His take, which makes sense to me, is that the mixed messages coming out of this body of work mean that it’s unlikely that the games studied so far have a huge effect either way on outcomes such as real-world violence. Certainly there is not nearly the ubiquitous evidence for harm you would assume there is if you read only the moral panic driven newspaper headlines on this topic. But this is of course not evidence that games can’t cause any harm to anyone in any circumstance. The author finds it likely that some people are more prone to harm from video games than others, and some more prone to benefit - the same as almost any other such activity humans get up to in life.

He is particularly concerned about the more recent “innovations” in gaming which have, necessarily, been studied less. Examples include the added immersion caused by virtual reality and the all-too-present prevalence of what are essentially addictive gambling mechanisms - or indeed actual gambling - that infuse many of today’s most popular games, especially on mobile devices.

In 2018 gaming addiction was classified as a mental health disorder by the WHO, although there is apparently much debate in academia as to whether this is a good thing or not. The author reports that there’s certainly no agreement over how prevalent this diagnosis is or where its boundaries should lie, which are problems in themselves when it comes to making sense of or acting on such a potential problem.

Games usually show up on screens, so one chapter in the book deals with the perils and pleasures of screen time. Sadly the same kind of conclusions on the science show up here as we saw in the critique of gaming science. There’s no universally accepted 100% definitive science showing that screen time is bad or good, and little in the way of reliably measuring or classifying it in the first place. Once again, perhaps not all screen time is the same or likely to have the same effect, any more than all videogames are the same.

He cautions us to think of screens as merely a tool. As with any tool we should learn to use them properly. We control them, not the other way around.

We later learn about how games can produce data that aids science, leading to more understanding about the human body and brain works. We end a chapter on e-sports, which even 6 years ago was a $900 million industry, and one on loss. That’s loss both of the personal type but also in the sense of how we could or should preserve games themselves. This proves to be a much greater challenge than simply putting some 30 year old disk in a safe somewhere and hoping for the best. Apart from any technical issues, there’s more to gaming and gaming culture we should want to share and remember than a series of magnetic 0s and 1s.

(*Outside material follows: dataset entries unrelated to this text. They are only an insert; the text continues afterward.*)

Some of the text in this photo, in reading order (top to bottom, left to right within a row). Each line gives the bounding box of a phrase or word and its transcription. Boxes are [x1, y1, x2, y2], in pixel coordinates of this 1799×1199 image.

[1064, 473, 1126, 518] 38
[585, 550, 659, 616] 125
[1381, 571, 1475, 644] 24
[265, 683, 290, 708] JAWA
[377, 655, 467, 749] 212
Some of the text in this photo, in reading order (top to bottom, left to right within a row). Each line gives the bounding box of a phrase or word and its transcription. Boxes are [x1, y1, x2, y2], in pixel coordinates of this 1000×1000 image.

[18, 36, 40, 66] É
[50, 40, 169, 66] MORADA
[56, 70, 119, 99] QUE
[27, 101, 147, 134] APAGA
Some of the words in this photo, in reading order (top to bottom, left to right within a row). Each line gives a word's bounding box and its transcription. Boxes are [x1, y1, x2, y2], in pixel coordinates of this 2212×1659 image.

His final conclusion is not all that satisfying. But it is what we apparently have and hence should drive how we should think about the topic when we’re making our own decisions about gaming. Known unknowns are, after all, better than unknown unknowns.

Are games good or bad for us? The honest answer is that we don’t convincingly know either way, and it’s probably a bit of both…

As much as they’re a form of entertainment, they’re also a tool: one that must be treated with respect and responsibility, in the full knowledge that if used improperly or without due care and attention, they may cause as much damage as good.